A new dry white Spanish table wine rendition of Pedro Ximénez, set beside a more classic version made as a sweet after-dinner indulgence, shows the grape's range is as vast as the world of sherry itself.

The Pedro Ximenez grape can be transformed into both the syrupy darkness of a sweet PX dessert sherry or a crisp, dry white wine like La Ola.
The Pedro Ximenez grape can be transformed into both the syrupy darkness of a sweet PX dessert sherry or a crisp, dry white wine like La Ola.Read moreCHARLES FOX / Staff Photographer

The fascinating beauty of sherry is its stunning range of colors, grapes, flavors, and styles. And that gamut is deliciously on full display in the 25 selections at Oloroso, where you can taste the straw-gold crispness of super-dry Manzanillas (try the Xixarito "en rama" style or Aurora on draft), nutty brown Amontillados (try the El Maestro Sierra), the figgy clove and orange peel complexity of an Oloroso like Hidalgo's Faraon, or the sweet mystery of syrupy dark Pedro Ximénez for dessert. One of the best P.X.'s I've ever sipped was the '87 vintage Gran Reserva from Toro Albalá that was a big enough pour at Oloroso to share, and worth every bit of its $18 price.
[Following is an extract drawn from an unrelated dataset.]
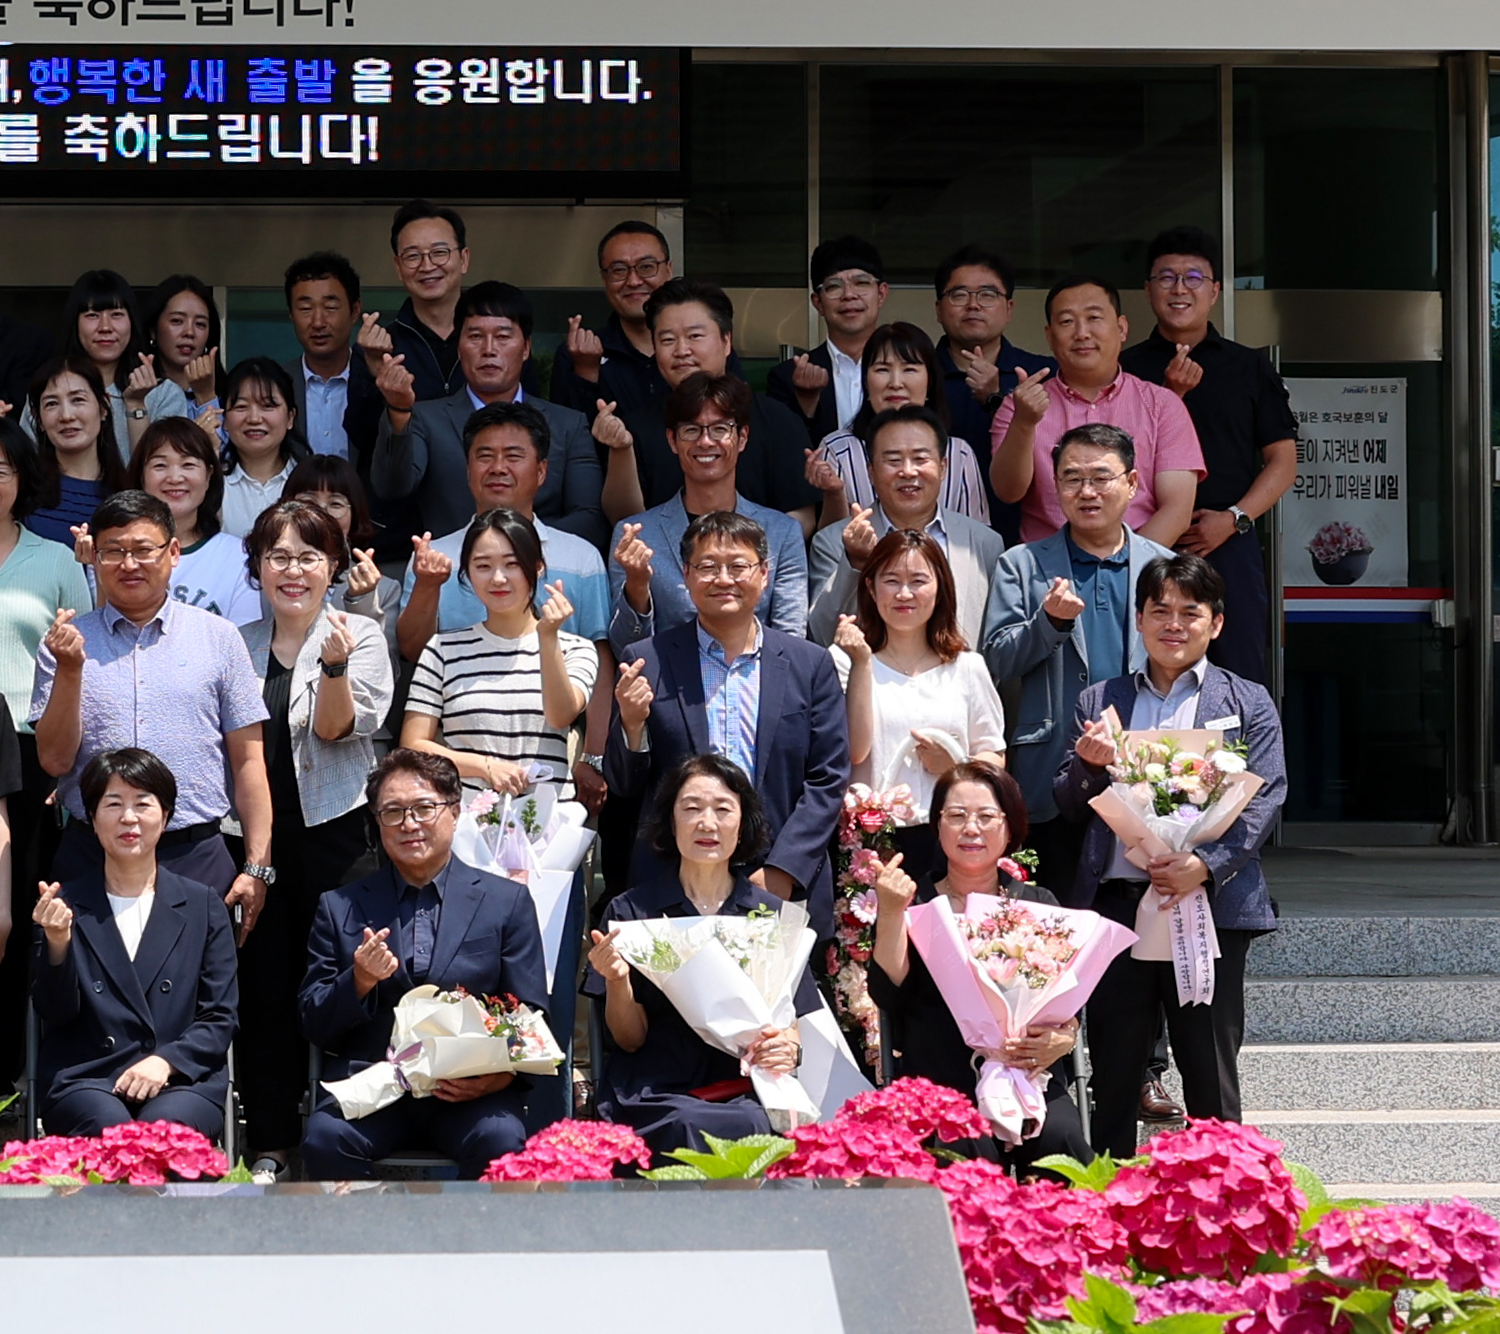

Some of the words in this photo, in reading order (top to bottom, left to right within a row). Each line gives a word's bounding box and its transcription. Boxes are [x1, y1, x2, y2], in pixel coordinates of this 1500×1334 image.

This glass-coating elixir, impenetrably dark and intensely raisined from drying the grapes in the sun, delivered a perfect combo of molasses caramel and dried fruit sweetness balanced by bitter notes of dark chocolate and a bright echo of acidity that kept it from cloying as we dove into churros and chocolate cake topped with stewed figs.

It was that note of acidity, though, that recalled a bottle that is one of co-owner and sommelier Gordana Kostovski's most intriguing additions to this excellent Spanish wine list — a completely dry, bright, white table wine called La Ola del Melillero that also happens to be made from Pedro Ximénez, with a dose of Moscatel. It's floral, with light fruit and bracing minerals that make it perfect for seafood. And it's also winemaker Victoria Ordoñez's homage to P.X.'s long history in the southern port city of Málaga, where the grape was often vinified dry from the 17th to the 19th centuries until the phylloxera epidemic, after which those vines were abandoned. Ordoñez isolated historic plots in the mountains of the Málaga region to revive the grape, which was used in this blend, debuting in 2016. The name and playful label depicting a 19th-century bather bracing for the ocean's chill refer to the waves generated by ferries that often catch Málaga's beachgoers by surprise. And I couldn't think of a more perfect metaphor for both this lovely wine and a worldwide movement to rediscover forgotten wine traditions. It's a wave I find refreshingly hard to resist.

— Craig LaBan

Toro Albalá Pedro Ximénez Gran Reserva 1987, $18 a glass, and La Ola del Melillero Pedro Ximénez/Moscatel de Alejandría, $14 a glass at Oloroso, 1121 Walnut St., 267-324-3014; olorosophilly.com. La Ola can be special-ordered through the PLCB for $15.49 a bottle (Item #578663).